There are bands whose records you cannot just put on and let the music play in the background while you remain emotionally unaffected. There is nothing wrong with bands like that at all, as there is something valuable in putting music on and zoning out. But there arguably is more value in music that almost literally climbs inside of you, operates your heart and mind, and leaves you a different person. Thou, at least for me, always have been one of the bands that do that every time out.
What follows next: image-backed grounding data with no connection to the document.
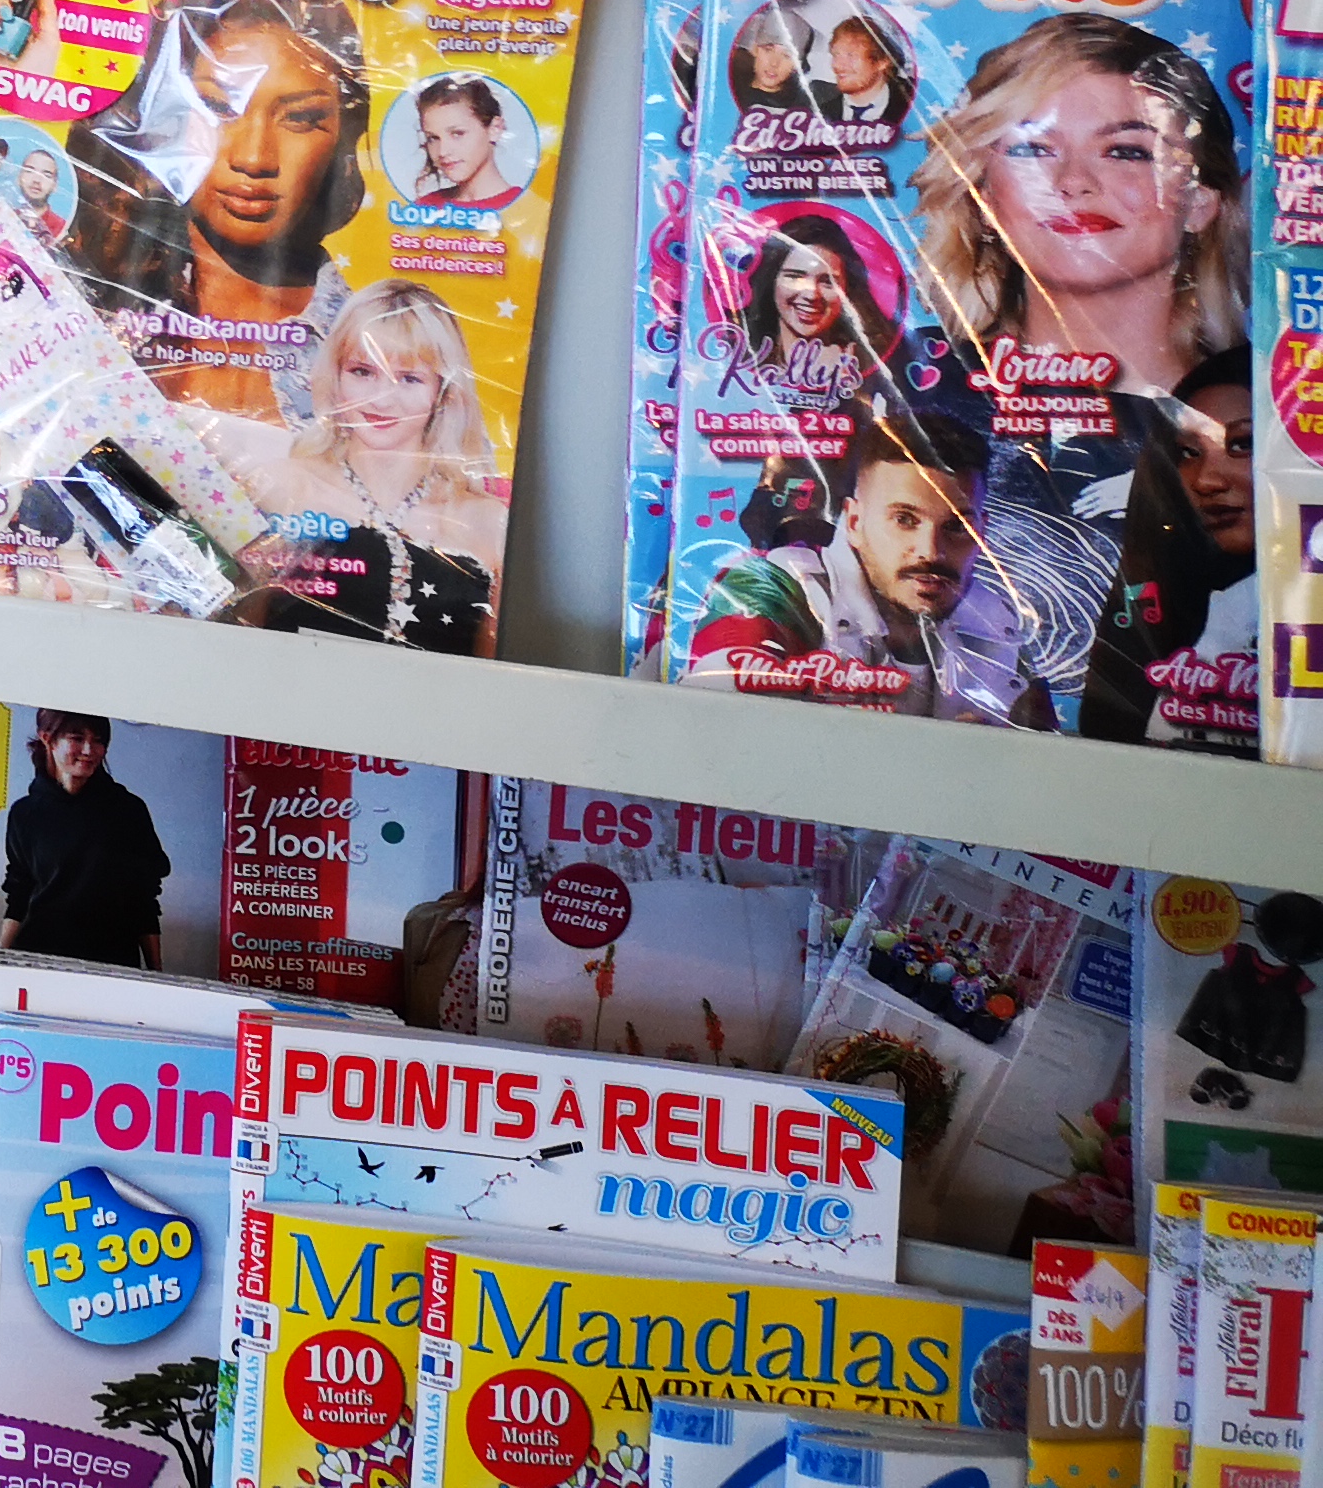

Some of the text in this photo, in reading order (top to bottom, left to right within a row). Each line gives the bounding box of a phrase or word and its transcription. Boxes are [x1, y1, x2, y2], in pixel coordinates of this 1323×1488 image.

[427, 15, 566, 35] Une jeune étoile
[745, 173, 888, 192] JUSTIN BIEBER
[390, 233, 505, 255] Ses dernières
[168, 311, 306, 346] Nakamura
[997, 396, 1108, 414] TOUJOURS
[697, 412, 851, 435] La saison 2 va
[236, 788, 360, 822] 1 pièce
[236, 824, 367, 864] 2 looks
[234, 880, 319, 900] PRÉFÉRÉES
[556, 876, 619, 900] encart
[542, 891, 628, 919] transfert
[281, 1048, 875, 1190] POINTS À RELIER
[598, 1170, 851, 1244] magic
[28, 1221, 192, 1287] 13 300
[70, 1276, 182, 1329] points
[1047, 1308, 1078, 1328] DÈS
[471, 1269, 951, 1398] Mandalas
[305, 1344, 384, 1385] 100
[1222, 1421, 1280, 1448] Déco
This year has been a hell of a year for any Thou fan, as they delivered four incredibly varying releases that show different sides of their personalities and musical DNA. Now comes the big one, “Magus,” their fifth full-length effort and first for Sacred Bones. This 11-track, 75-minute excursion is a mammoth, a record you never will unpack in one or even five listens, and another volcano of an emotional experience from a band that doesn’t give a single fuck about your metal aesthetic. This record isn’t a huge departure from 2014’s “Heathen,” our album of the year that year, but it’s not a repeat or a reworking of ideas. It’s an album that moves the earth with themes of alienation, boredom, futility, decay, the awfulness of history, agony, pain, and personal introspection at a time when so many people are fast to point fingers. A lot of these themes are woven throughout their monstrous catalog, and this feels like their natural evolution in the Thou story. The band—vocalist Bryan Funck, guitarists Andy Gibbs and Matthew Thudium, bassist Mitch Wells, and drummer Josh Nee—delivers this cataclysmic conclusion to their latest body of work that also includes noisy “The House Primordial,” lush and quiet “Inconsolable,” and grungy and awesome “Rhea Sylvia,” and they do so in a way that will level you.
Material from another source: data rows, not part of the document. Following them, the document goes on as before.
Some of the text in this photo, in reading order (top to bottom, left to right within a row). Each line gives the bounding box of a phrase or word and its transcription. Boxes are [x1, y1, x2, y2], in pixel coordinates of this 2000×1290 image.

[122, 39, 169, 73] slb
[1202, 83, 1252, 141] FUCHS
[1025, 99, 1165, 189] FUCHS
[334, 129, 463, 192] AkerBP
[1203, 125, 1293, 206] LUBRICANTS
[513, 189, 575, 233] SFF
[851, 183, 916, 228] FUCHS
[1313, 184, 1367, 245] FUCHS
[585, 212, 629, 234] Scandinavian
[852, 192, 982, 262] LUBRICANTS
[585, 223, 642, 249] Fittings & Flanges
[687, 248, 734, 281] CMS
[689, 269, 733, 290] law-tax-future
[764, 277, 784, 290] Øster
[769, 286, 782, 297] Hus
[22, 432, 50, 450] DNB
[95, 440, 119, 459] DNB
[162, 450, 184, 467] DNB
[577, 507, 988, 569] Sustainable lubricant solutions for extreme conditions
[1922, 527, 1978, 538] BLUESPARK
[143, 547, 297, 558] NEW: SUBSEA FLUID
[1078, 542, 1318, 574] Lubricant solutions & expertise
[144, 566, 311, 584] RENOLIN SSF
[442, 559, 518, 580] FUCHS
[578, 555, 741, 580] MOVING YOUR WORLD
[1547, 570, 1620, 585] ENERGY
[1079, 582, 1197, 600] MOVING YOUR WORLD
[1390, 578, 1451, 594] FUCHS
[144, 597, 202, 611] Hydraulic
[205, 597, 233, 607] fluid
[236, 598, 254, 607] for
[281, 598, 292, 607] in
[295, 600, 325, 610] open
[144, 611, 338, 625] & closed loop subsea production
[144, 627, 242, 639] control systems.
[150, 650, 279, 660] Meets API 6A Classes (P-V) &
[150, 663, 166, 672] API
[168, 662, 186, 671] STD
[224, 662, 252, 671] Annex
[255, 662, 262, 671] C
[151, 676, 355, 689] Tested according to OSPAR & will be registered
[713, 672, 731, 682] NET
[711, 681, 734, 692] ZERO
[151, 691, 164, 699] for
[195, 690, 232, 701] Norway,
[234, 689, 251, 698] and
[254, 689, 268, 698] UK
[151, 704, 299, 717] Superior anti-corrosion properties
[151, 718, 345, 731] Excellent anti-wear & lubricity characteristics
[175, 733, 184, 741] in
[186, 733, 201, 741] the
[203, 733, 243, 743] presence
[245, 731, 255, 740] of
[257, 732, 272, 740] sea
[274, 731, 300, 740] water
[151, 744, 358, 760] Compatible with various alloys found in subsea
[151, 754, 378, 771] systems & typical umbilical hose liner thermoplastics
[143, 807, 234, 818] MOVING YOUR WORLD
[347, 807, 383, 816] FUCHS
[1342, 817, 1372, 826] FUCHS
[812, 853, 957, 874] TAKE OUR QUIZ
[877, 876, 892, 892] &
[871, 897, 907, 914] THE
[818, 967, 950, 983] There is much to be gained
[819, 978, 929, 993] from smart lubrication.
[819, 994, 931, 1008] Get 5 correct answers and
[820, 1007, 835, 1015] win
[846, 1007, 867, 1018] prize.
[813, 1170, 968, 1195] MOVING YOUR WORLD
“Inward” starts like a swirling storm you can hear in the distance when, all of a sudden, it breaks. The music, while traditionally doomy in the Thou sense, also swims in atmosphere, as Funck’s wild wails spit nails. The guitars cut through the heart, while things get heavier and muddier toward the end, bleeding into a bath of light and interlude track “My Brother Caliban” that’s situated in buried shrieks and fuzzy sound. “Transcending Dualities” has guitars churning and a calculated melody emerging. The pace sounds like it’s hunting prey, while Funck wails about “shapeshifting through life,” as the melodies bleed, and the tumult rises and falls. “The Changeling Prince” has leads barreling in, while the song then openly clubs you, with growls lurching and even some lighter tones spreading later on. Funck’s vocals stab at a “haunted fractured reality,” as things barrel toward a climactic finish, where Funck repeatedly howls, “Behind the mask, another mask,” while he digs for his subject’s true essence. “Sovereign Self” starts solemnly, with Emily McWilliams lending her haunting voice, and the track bursting with emotion. The vocals rip things apart, while burly riffs send shockwaves through the earth, causing pavement to ripple. The pace applies devastating pressure, with melodies raining, the drums rumbling out, and focus heading toward “Divine Will,” where an angelic chorus calls back, “We are the sages reincarnated, up to our old tricks again.”
“In the Kingdom of Meaning” has airy guitars that hint at calm before the track slowly breaks open, and Funck’s vocals delivering bruising. The playing here, while filthy and mashing, also is daring and exciting, as the guitars carve new paths, extending Thou’s kingdom. Later on, the track gets slower and liquidy, as the band looks to carve into hearts, and McWilliams returns to add a ghostly touch to a song that burns itself into the air. “Greater Invocation of Disgust” threatens from the start, as growls explode, and fluid melodies pour from the track’s mouth. “We’ve got nothing but hatred,” Funck cries, more as an observation than a comment on self-state, and great leads and a muddy path make this song tougher and meaner. “Elimination Rhetoric” starts with harsh cries, slow-driving menace, and a riff that feels gothic and dark. Acoustics wash under the madness, with the leads adding warmth, emotional, moody melodies spreading, and the vocals scorching the earth. “I can help myself, don’t talk to me,” Funck repeats, with thing coming to a hammering end. “The Law Which Compels” is the final interlude track, built by noise, smothered growls, and guitars bubbling, heading toward the 10:54 closer “Supremacy” that launches into slow-grinding pounding, even with some cleaner lines woven within the soot. “Consumed by inner fires!” Funck howls, as beauty and carnage twist together, weird melodies rewire your brain, and noise simmers, threatening overflow. The band then bludgeons over and over and over again, thrashing your head, leaving you clinging to metallic sound clouds that eventually dissolve into mystery and leave a vapor spray on steel.
Thou remain one of metal’s most important, genuine bands, even if the group itself eschews labeling itself that type of force in the first place. “Magus” is another landmark achievement from the band, a record you will remember where you were and what you were doing the first time you heard it and the first time it truly struck a nerve. There is no one else out their making music quite like Thou, and even though they don’t put themselves above anyone, we’re all still looking back up at them anyway.